Al di là degli aspetti più intimamente legati al mondo della settima arte (sui quali non desidero soffermarmi vista la poca dimestichezza con la materia), è interessante notare che la cornice storica nella quale prendono forma le vicende dei personaggi non sia il frutto dell’immaginazione degli sceneggiatori, bensì un capitolo di cruciale importanza per lo sviluppo delle sorti del Sol Levante: la ribellione di Satsuma (1877).
LA CORNICE STORICA: L’ETÀ MEIJI
Tale episodio si inserisce all’interno dell’era Meiji (1868-1912), ossia di quel periodo della storia giapponese scandito dall’abbattimento del decrepito regime feudale (bakufu), dalla riabilitazione della Corona sotto l’imperatore (tennō) Mutsuhito e dall’avvio di un ambizioso programma di edificazione di uno Stato moderno e dinamico. L’evento determinante per questa svolta radicale ebbe luogo l’8 luglio 1853, quando le quattro navi da guerra comandate dal commodoro Matthew C. Perry si materializzarono al largo della baia di Tokyo per rompere l’isolamento nipponico. Erano infatti trascorsi due secoli da quando la dinastia dei Tokugawa, salita al potere nel 1603 al termine di una stagione di tumulti conosciuta come Epoca Sengoku, aveva ordinato la chiusura completa delle frontiere per neutralizzare le possibili minacce provenienti dall’esterno.

L’ingerenza degli USA nelle questioni dell’Asia orientale era quindi dettata dall’interesse per lo sfruttamento delle favolose ricchezze dell’impero cinese, cui si aggiungeva la necessità di garantirsi basi sicure per il rifornimento dei mercantili impegnati nella traversata del Pacifico. Conscio della propria inferiorità in caso di conflitto lo shōgunato, così chiamato in relazione al titolo assunto dai governanti in qualità di capi degli eserciti (shōgun), avrebbe sottoscritto una lunga lista di convenzioni commerciali che danneggiarono sensibilmente l’economia nazionale. Come se ciò non fosse bastato, alla crescente presenza straniera dopo secoli di isolazionismo si accompagnarono gli effetti destabilizzanti della concorrenza occidentale, preludio di una profonda crisi di legittimazione che avrebbe segnato gli ultimi anni di vita del regime.

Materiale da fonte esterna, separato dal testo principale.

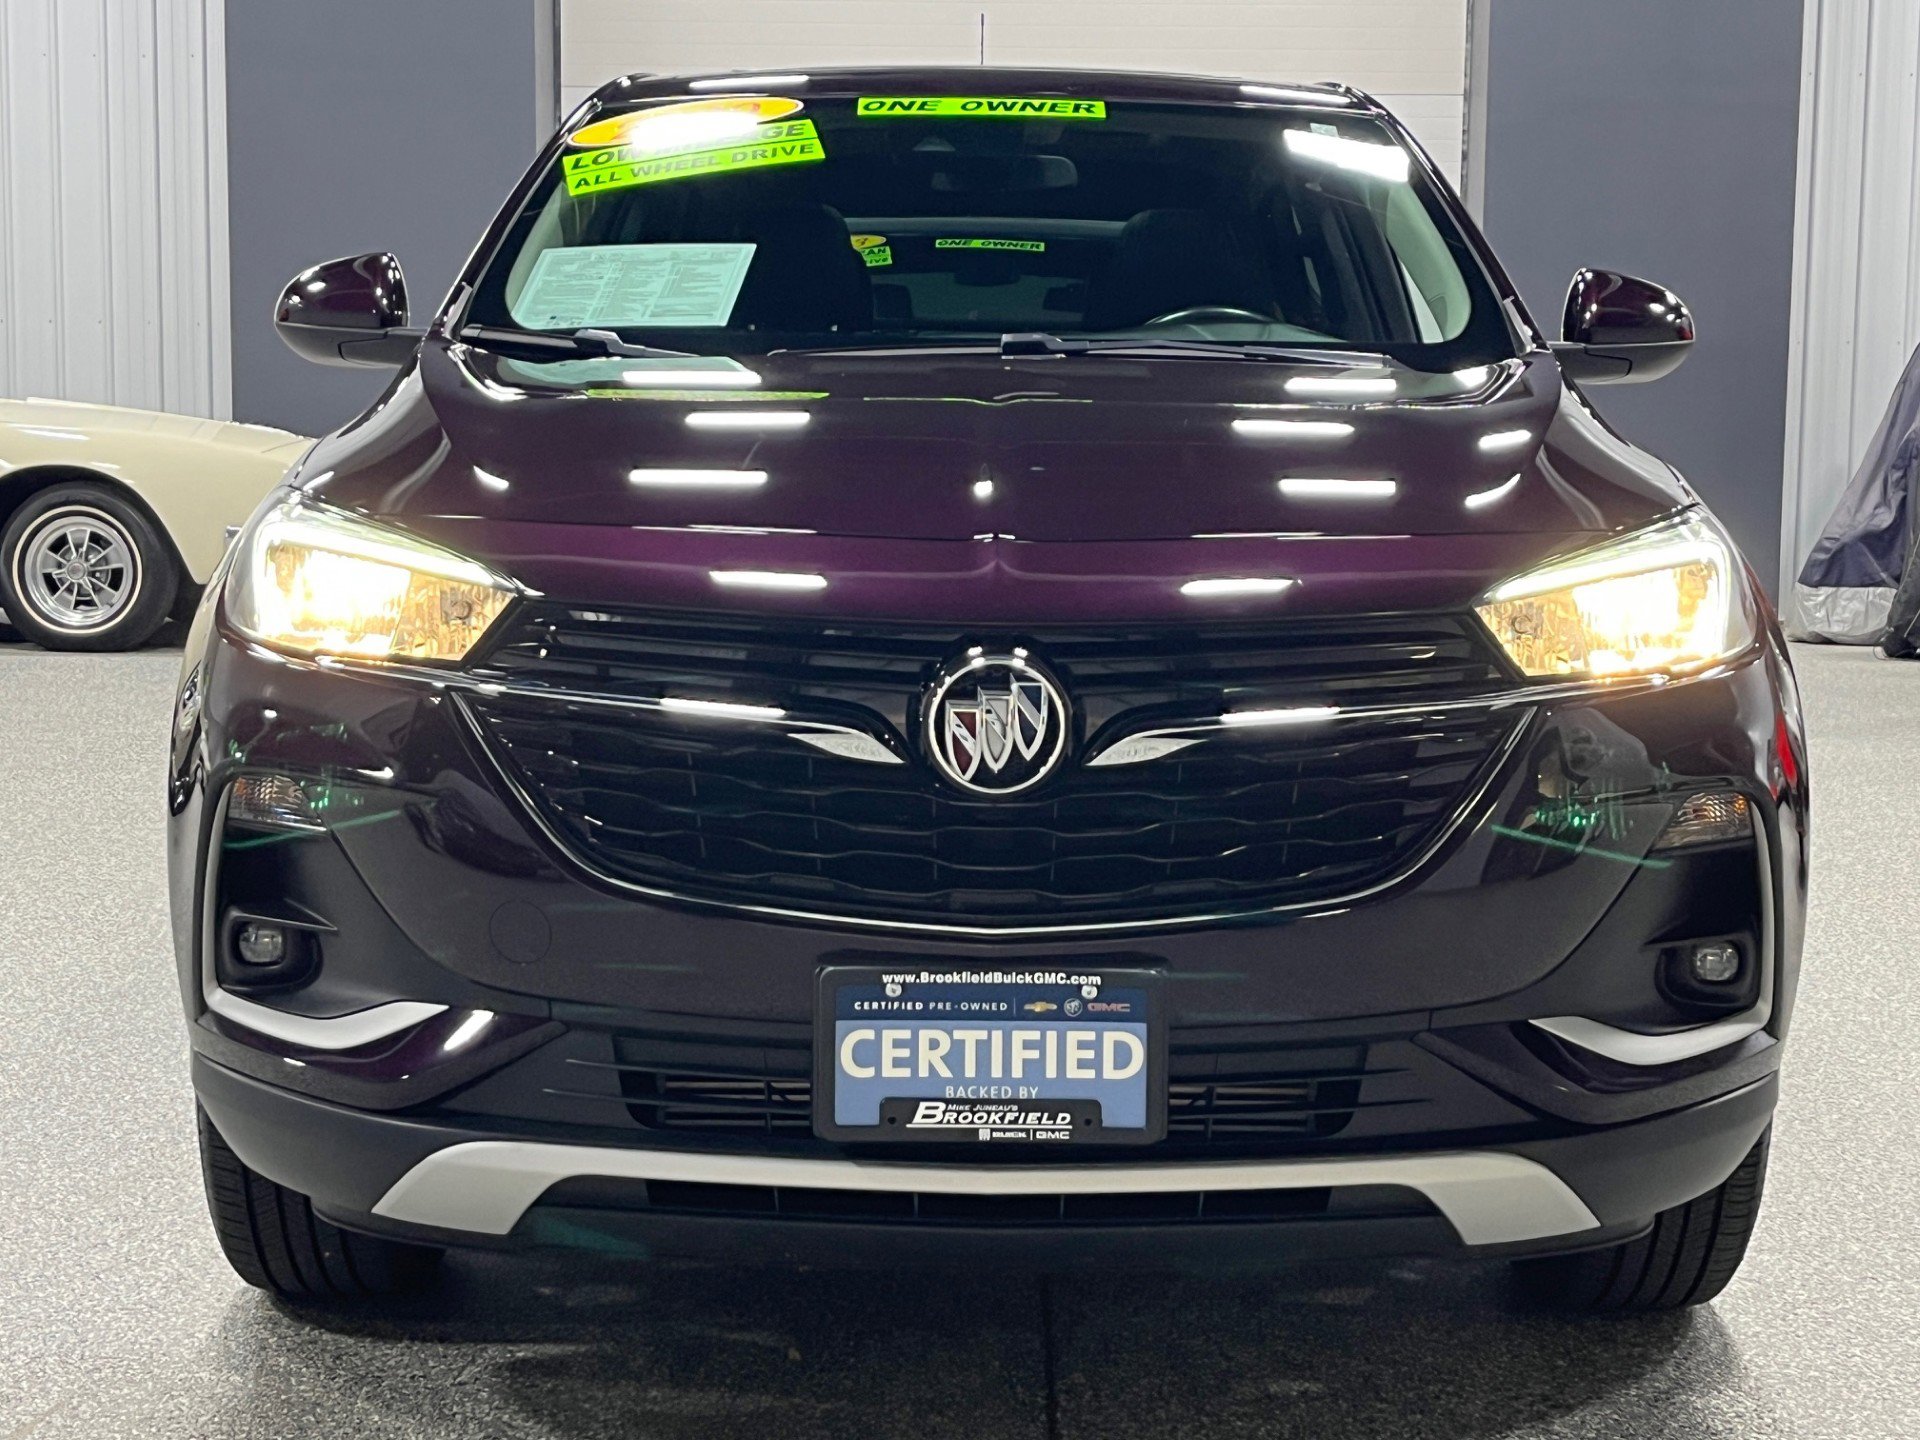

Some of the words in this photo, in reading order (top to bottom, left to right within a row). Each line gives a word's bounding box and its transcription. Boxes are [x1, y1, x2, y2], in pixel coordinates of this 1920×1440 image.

Il momento cruciale per la disintegrazione del bakufu ebbe luogo nel marzo del 1866, quando i feudi di Chōshū, Satsuma e Tosa, tradizionalmente ostili al dispotismo dei Tokugawa e, di conseguenza, favorevoli al ripristino dell’autorità imperiale, si legarono in un’alleanza militare che di lì a breve avrebbe assunto un ruolo chiave nella transizione del Giappone verso la modernità. Fu l’ascesa al trono del venticinquenne Mutsuhito, nei primi mesi del 1867, a ufficializzare l’incrinatura dei rapporti fra la Corona e lo shōgun, dando modo alla coalizione di organizzare un autentico colpo di Stato proclamando la restaurazione dell’autorità del tennō (3 gennaio 1868). La volontà di recidere ogni legame col recente passato trasparve dalla decisione di far coincidere il nengo, ossia l’unità temporale in cui è divisa la storia giapponese, con il regno del sovrano, prassi che si è conservata intatta fino ai nostri giorni. L’età Meiji, letteralmente “del governo illuminato”, si caratterizzò infatti per l’adozione di una serie di riforme che permisero la concentrazione del potere nelle mani di una ristretta oligarchia, nonché la transizione accelerata del Sol Levante verso un’economia capitalistica.

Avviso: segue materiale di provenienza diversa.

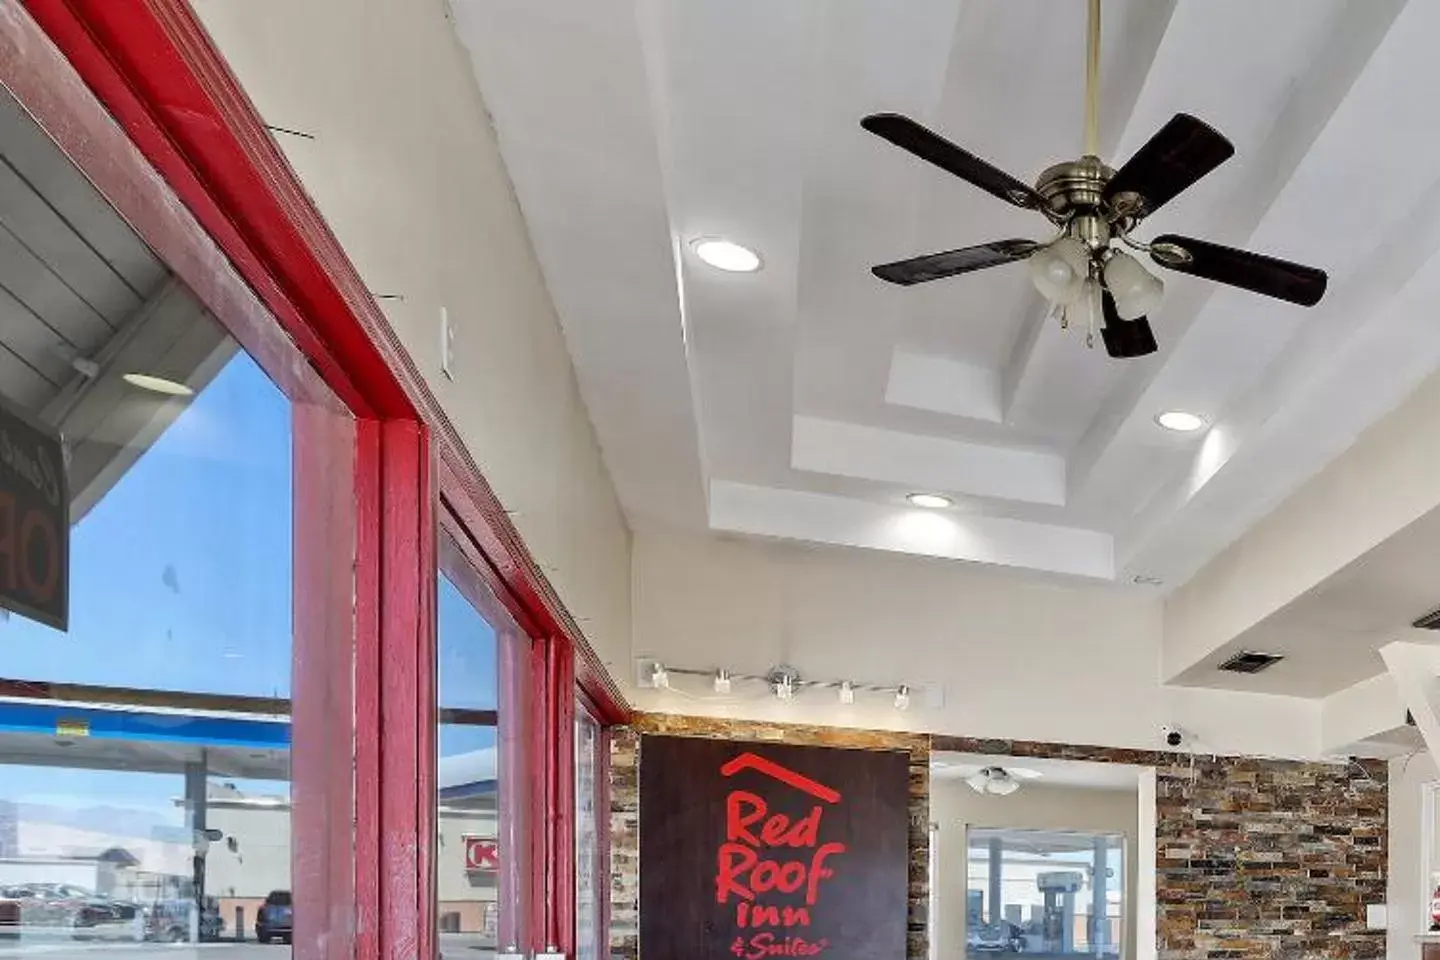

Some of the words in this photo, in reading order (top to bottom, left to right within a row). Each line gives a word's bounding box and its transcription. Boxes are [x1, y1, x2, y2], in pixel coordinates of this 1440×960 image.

[727, 790, 823, 847] Red
[715, 842, 846, 905] Roof
[730, 936, 745, 957] &

Una volta scompaginata la resistenza delle forze ancora fedeli allo shōgunato (Guerra Boshin), il nuovo regime poté finalmente impegnarsi nel processo di trasformazione del Paese, cominciando dalla distruzione delle vestigia del dominio feudale e dal rafforzamento dell’apparato repressivo. Lo scioglimento degli eserciti personali al servizio degli ex signori locali, i daimyō, cui fece seguito l’introduzione della leva obbligatoria (gennaio 1873), ebbe però l’effetto di scatenare la violenta reazione dei guerrieri nipponici: privati da un giorno all’altro del monopolio del mestiere delle armi e degli antichi privilegi derivanti dal loro status, essi furono costretti ad accettare lavori umilianti che a stento consentivano di sopravvivere. Ad esacerbare ulteriormente gli animi contribuì la decisione di accantonare, nel settembre di quello stesso anno, il progetto d’invasione della penisola coreana (Seikanron): pensato come valvola di sfogo per i quasi due milioni di samurai colpiti dai provvedimenti governativi, il disegno dovette ben presto scontrarsi con il timore generalizzato di una rappresaglia dell’Occidente, nonché con la cronica debolezza del giovane Stato.

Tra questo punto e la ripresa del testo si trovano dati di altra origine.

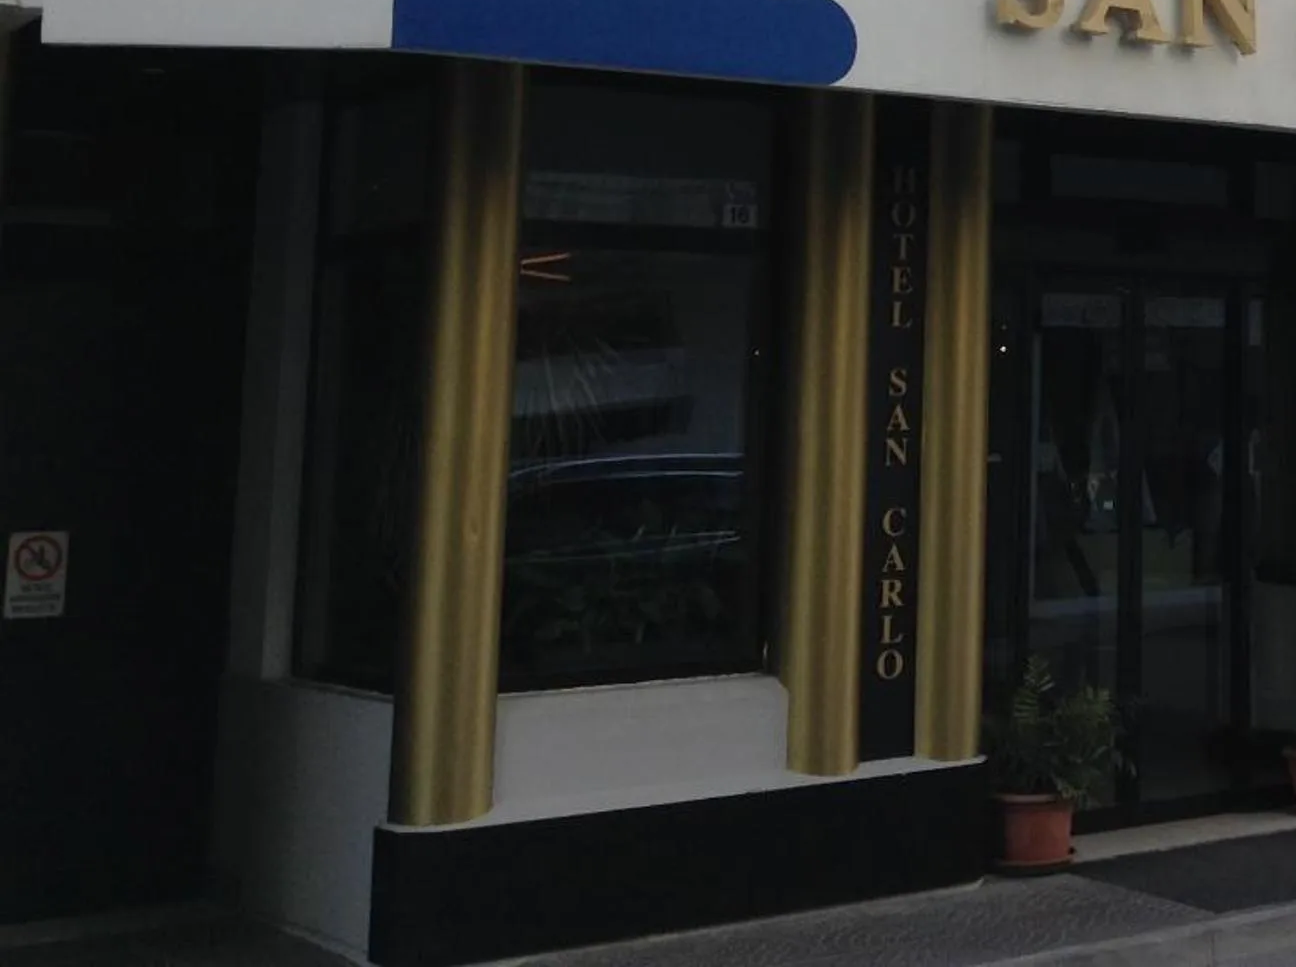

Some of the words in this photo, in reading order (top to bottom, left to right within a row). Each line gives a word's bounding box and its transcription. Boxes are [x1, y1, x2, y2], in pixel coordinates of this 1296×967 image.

[891, 165, 917, 328] HOTEL
[885, 368, 911, 466] SAN
[876, 507, 907, 680] CARLO

L’OPPOSIZIONE AL RINNOVAMENTO
A partire dall’anno successivo, il Giappone fu attraversato da una lunga serie di rivolte orchestrate da quei combattenti disincantati dalle scelte della Corona, le quali sarebbero culminate nella ribellione di Satsuma. Ciò che però distinse l’episodio dai precedenti fu la profondità degli ideali che ne animarono i protagonisti, vale a dire la convinzione secondo la quale l’imperatore dovesse esercitare il proprio ruolo senza la manipolazione degli oligarchi, unici responsabili delle iniziative impopolari prese nel decennio precedente, e che l’abbattimento dello shōgunato rappresentasse il preludio di un ritorno ai fasti del primo impero giapponese (VII-X secolo a.C).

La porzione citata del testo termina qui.